Like any surgery, this is a process that needs time to heal. Jonathan Quick won’t likely be back on the ice until the end of September and until then no one will know how the Conn Smythe winner will fare. Of course, using one’s common sense can be useful. From looking at his performance during the regular season and the playoffs this past year, Jonathan Quick clearly wasn’t too affected by whatever malady he was suffering from.


On the bright side, with so many fans dismissing Quick, claiming that he will just last a few more years, the Kings will be stuck with his contract and that opponents will have an easy time scoring, all the naysaying is simply more ammunition to win the Stanley Cup again next year.

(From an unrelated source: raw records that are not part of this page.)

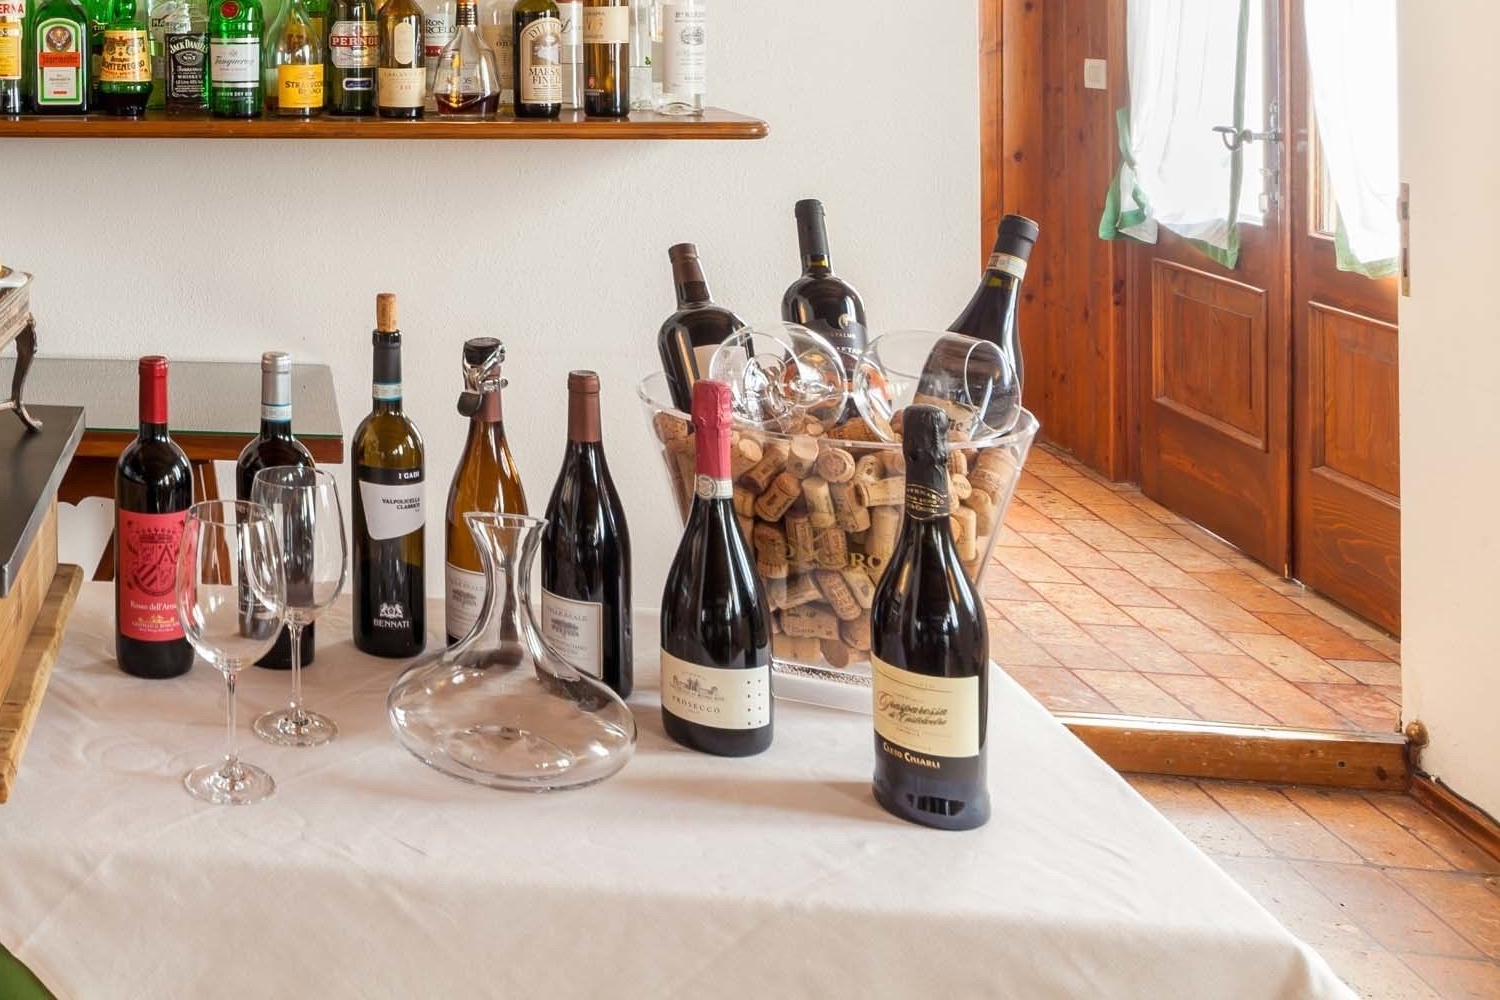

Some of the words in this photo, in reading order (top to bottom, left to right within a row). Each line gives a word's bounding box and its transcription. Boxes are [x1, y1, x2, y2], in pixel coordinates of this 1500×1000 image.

[373, 618, 411, 629] BENNATI
[672, 695, 721, 713] PROSECCO
[904, 752, 941, 769] CHIARLI
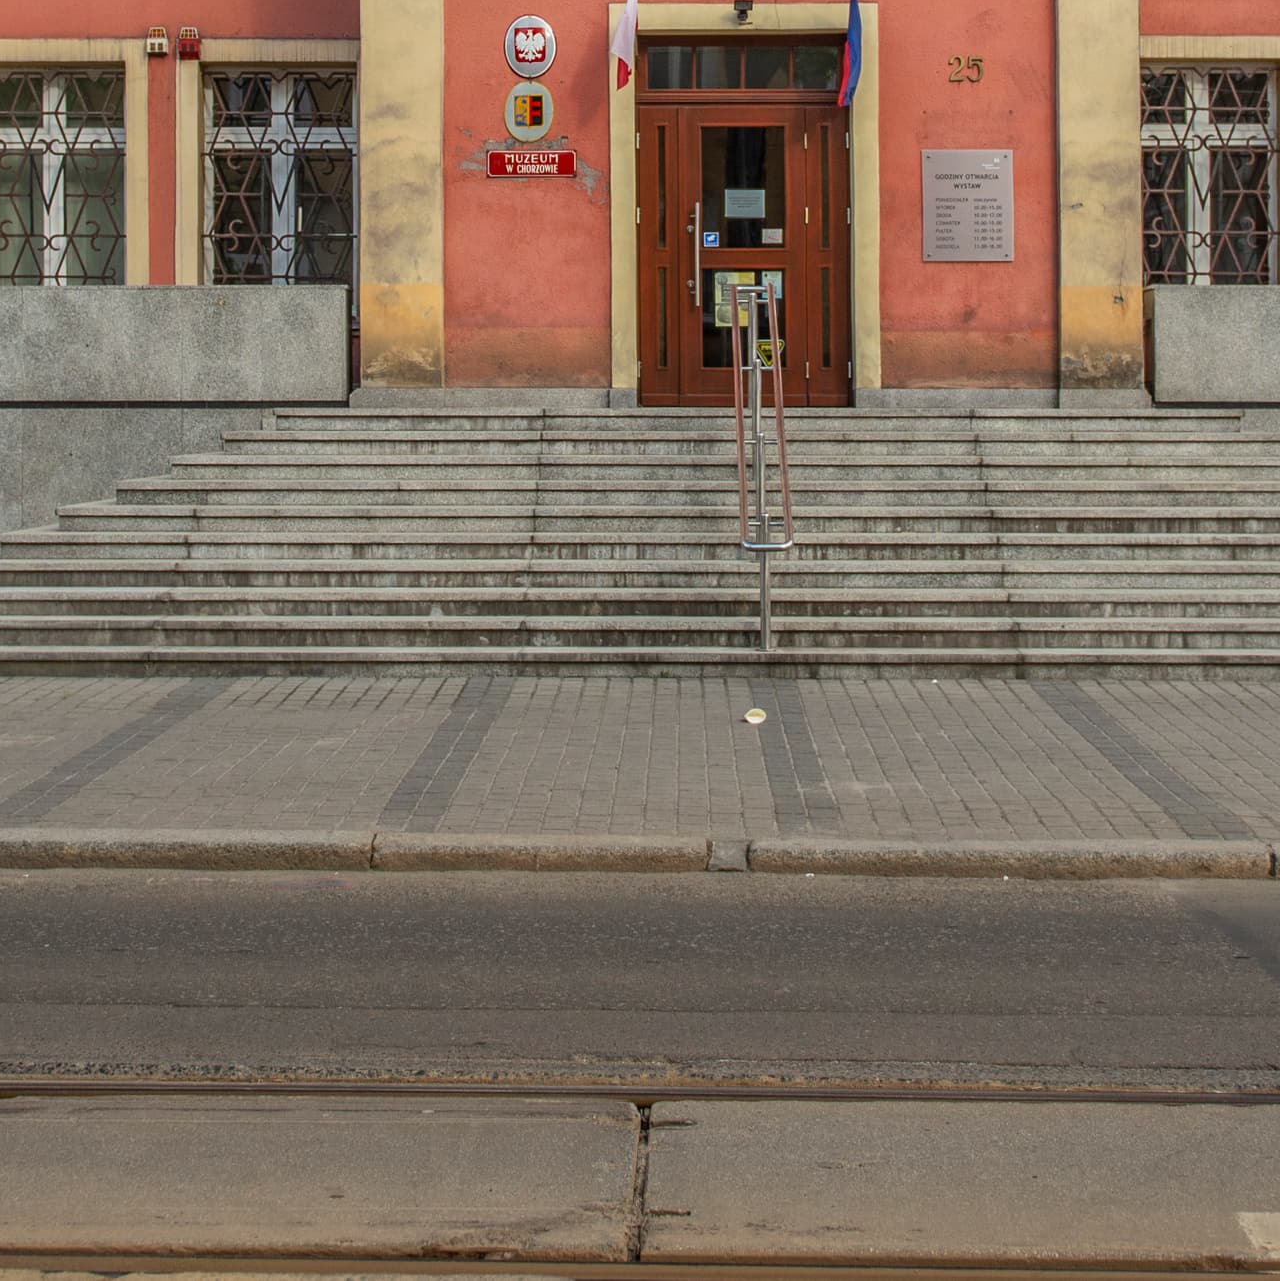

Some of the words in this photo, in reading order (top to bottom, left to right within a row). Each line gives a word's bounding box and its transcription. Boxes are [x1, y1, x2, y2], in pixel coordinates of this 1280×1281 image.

[948, 55, 984, 83] 25
[504, 153, 559, 164] MUZEUM
[505, 164, 514, 174] W
[516, 164, 559, 174] CHORZOWIE

From personal experience, I can honestly say (regardless how irrational it seems) that I feel a sense of emptiness when there’s no one to prove wrong en route to achieving something. The Kings had enough of it during the season with their anemic goal production, when the playoffs started when they supposedly had no chance against the Canucks and beyond when their “Cinderella” run was bound to end sooner or later.


With the news of Jonathan Quick’s surgery, skepticism for the Los Angeles Kings has reached a whole new echelon. Did everyone miss the playoffs this spring? Did no one learn that Quick and the Kings are aseptic to any sort of criticism or doubt? Clearly they didn’t otherwise we wouldn’t be hearing any of this drivel.


Only time will tell to see how Jonathan Quick recovers from his surgery but if he plays just as well, if not better, than his pre-surgery form, there are going to be a lot of fans and experts who are going to look and feel very stupid. I’d suggest rounding up all these people but as Kings fans, we won’t have time as we’ll likely be too busy celebrating another Stanley Cup title.